Many countries around the world celebrated February 2 as World Wetlands Day and Oman has more reasons than many others to be proud of the system it has created.
In fact one of Oman’s wetland, the Nimr Water Treatment Project (NWTP) in south Oman, is billed as the largest industrial constructed wetland system in the world.
Petroleum Development Oman (PDO) and Bauer Nimr are joint venture partners in the desert greening initiative, which has contributed to significant carbon dioxide emission reductions.
The main purpose of this wetland was to reuse brackish treated effluent water which is a major by-product of oil refining. The large experimental field created to test irrigation of various salt tolerant plants is now a beautiful patch of greenery planted with five native reed species, enhancing resilience and biodiversity.
The combined system of the wetlands and ponds created a new valuable habitat in the desert, attracting thousands of migratory birds. This one project has also resulted in cost-savings in treated water disposal, apart from ensuring greenhouse gas emissions reduction and has also contributed to Oman’s contribution to reduce greenhouse gas emission by two per cent.

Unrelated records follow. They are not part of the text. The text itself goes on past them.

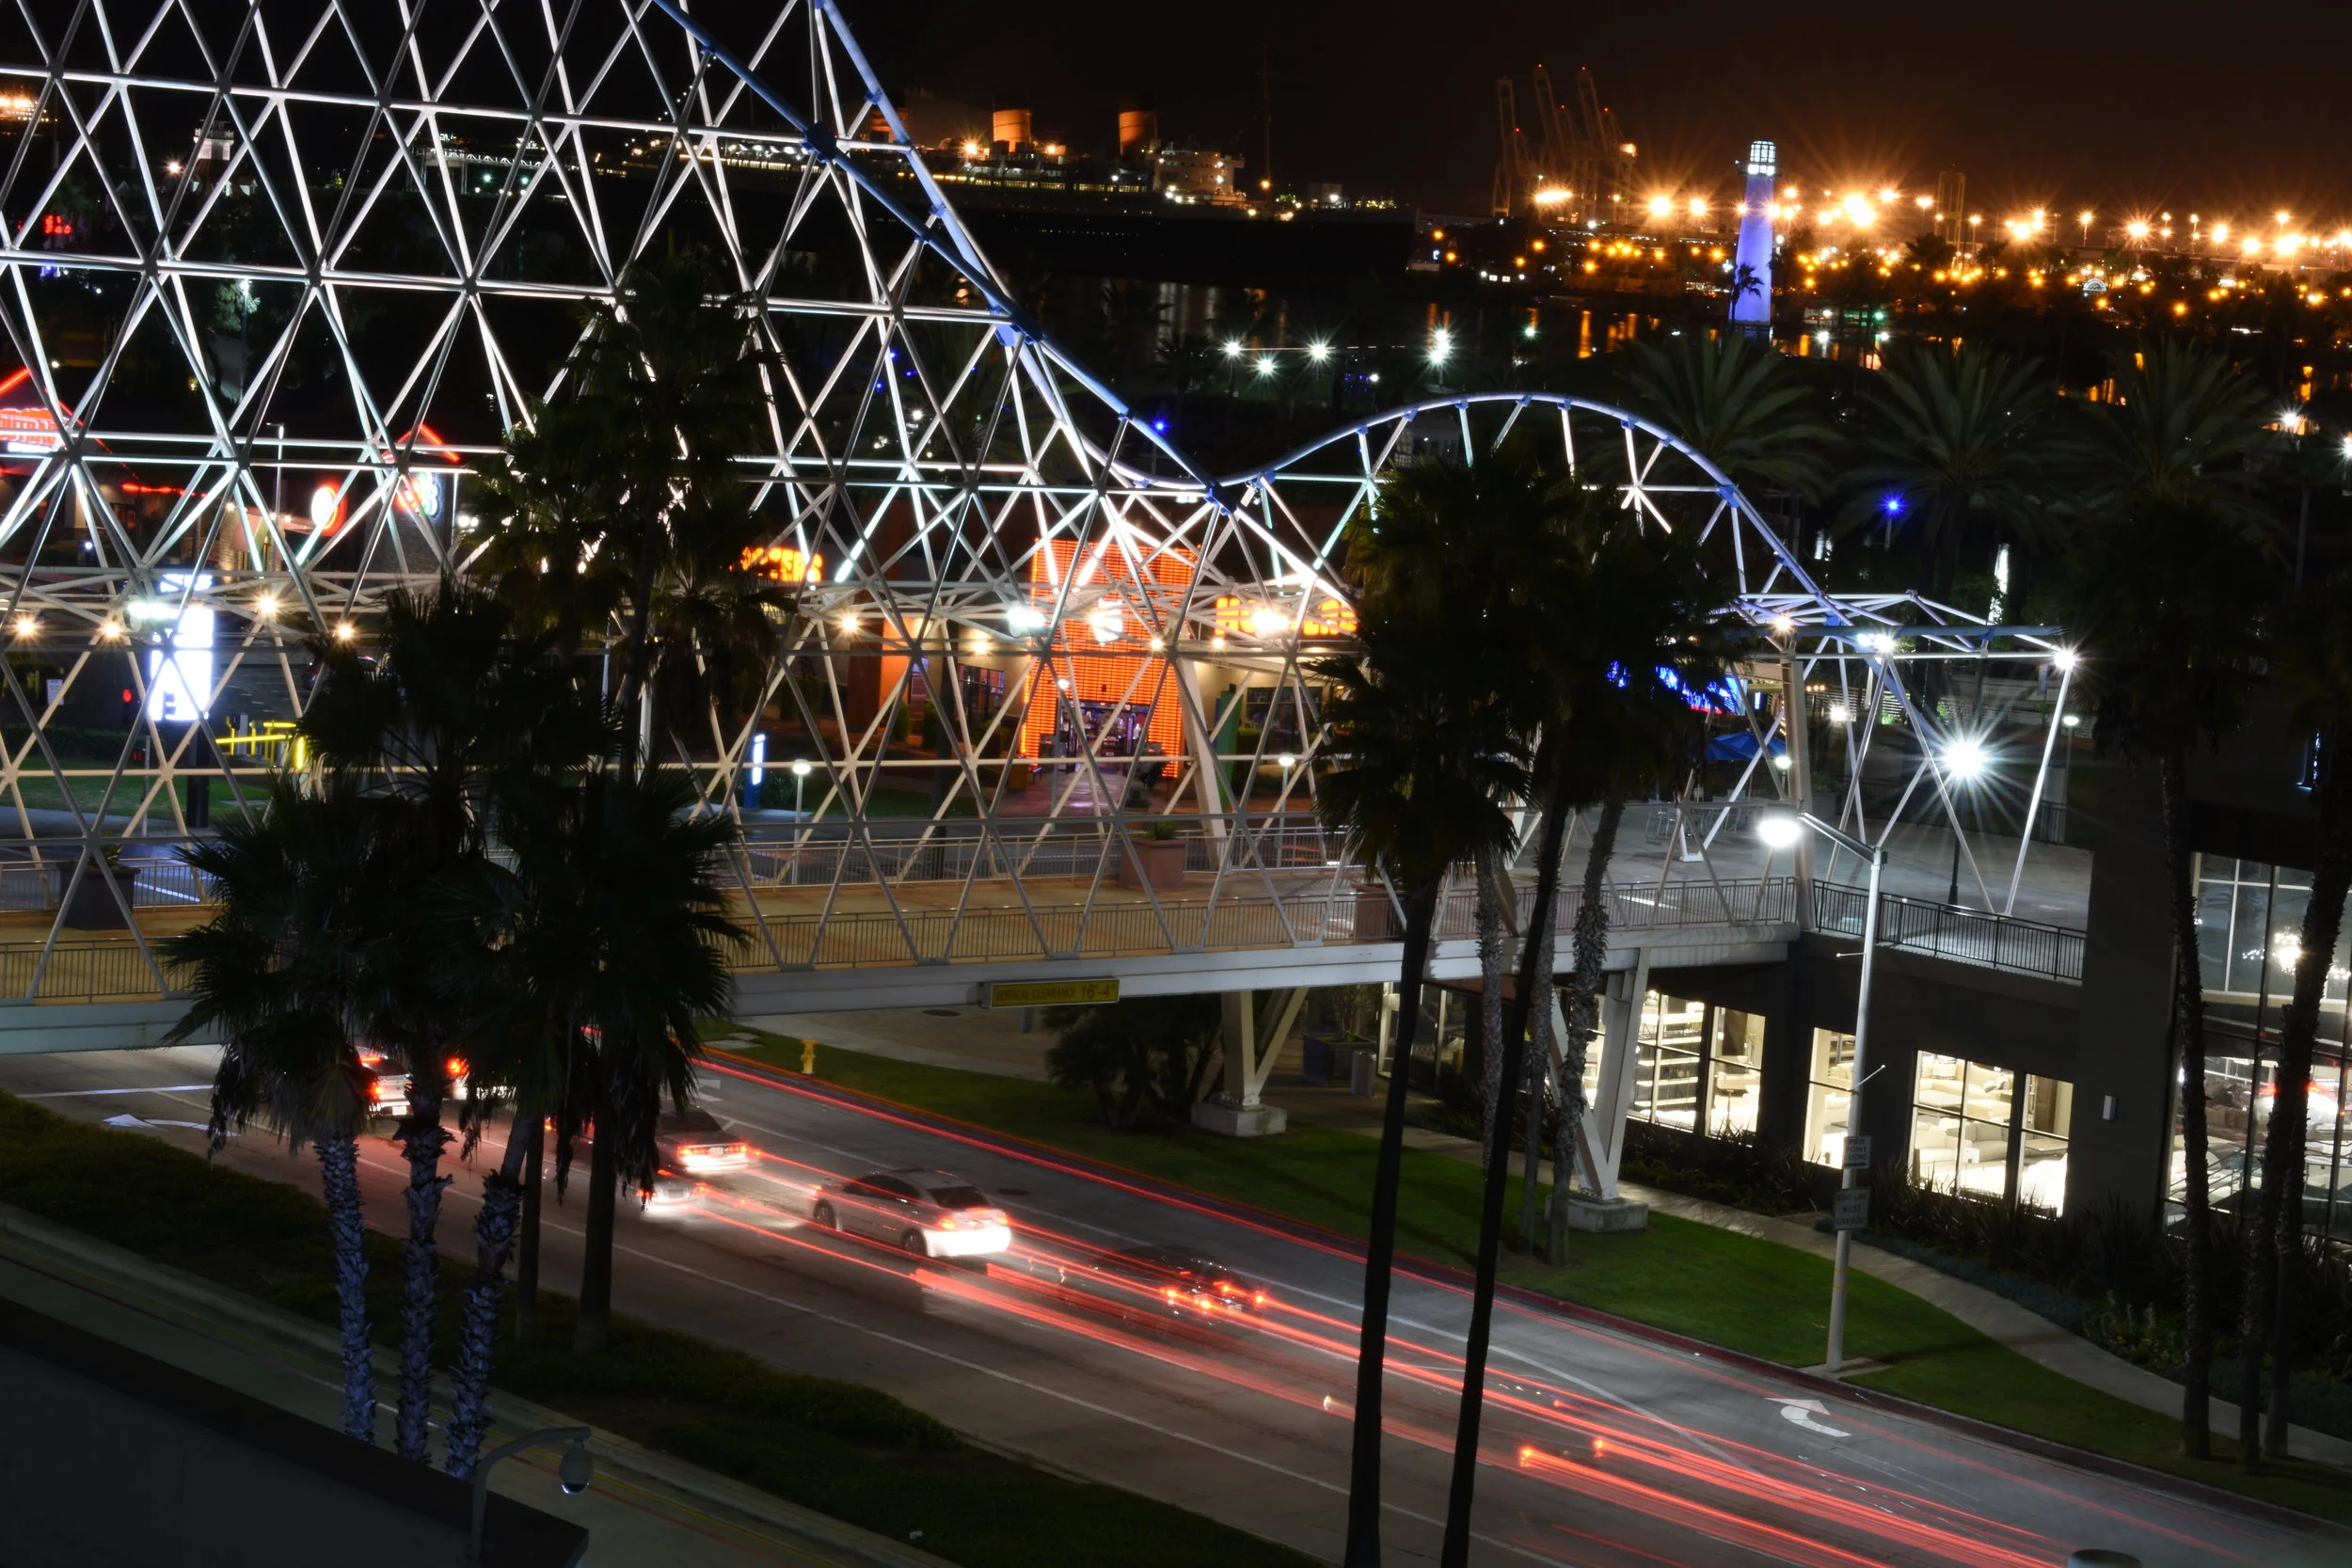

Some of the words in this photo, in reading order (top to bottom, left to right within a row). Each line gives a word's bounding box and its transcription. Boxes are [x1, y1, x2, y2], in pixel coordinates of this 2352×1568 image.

[995, 989, 1029, 1001] VERTICAL
[1031, 986, 1077, 999] CLEARANCE
[1842, 1205, 1861, 1213] MUST
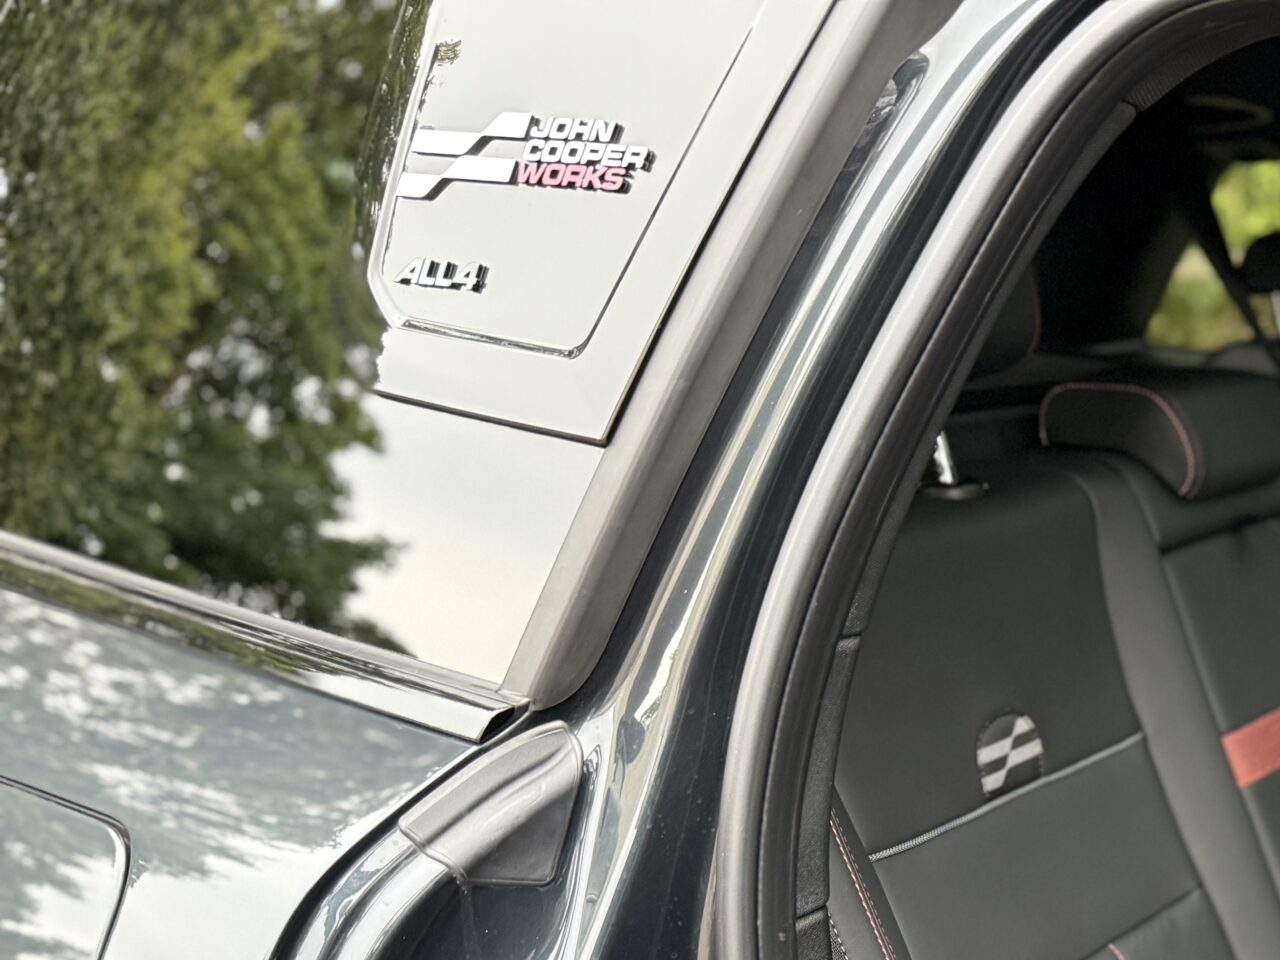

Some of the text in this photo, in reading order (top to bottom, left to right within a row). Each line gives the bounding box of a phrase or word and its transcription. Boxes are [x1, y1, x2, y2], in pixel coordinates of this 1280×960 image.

[530, 116, 620, 143] JOHN
[523, 139, 650, 169] COOPER
[517, 163, 628, 191] WORKS
[394, 257, 486, 292] ALL4

Oman has also created another wetland very much within the city – known as the Al Ansaab wetland. Another wonderful ecosystem, this one is a major hub for migratory birds, nature enthusiasts and informed tourists.
Al Ansab Wetlands, home for Black-winged Stilt and a preferred stop over for more than 300 species of migratory birds, has five lagoons and many trees that are native to various regions of Oman.
Together the beautiful reserve offer a perfect paradise not just for the birds, butterflies and other animals that reside here but also for the human visitors. Trees planted around the area by the Haya Water team (the wastewater management company in Oman), which are supported by the wetland’s ecosystem make this perfect green patch a must-visit for everyone.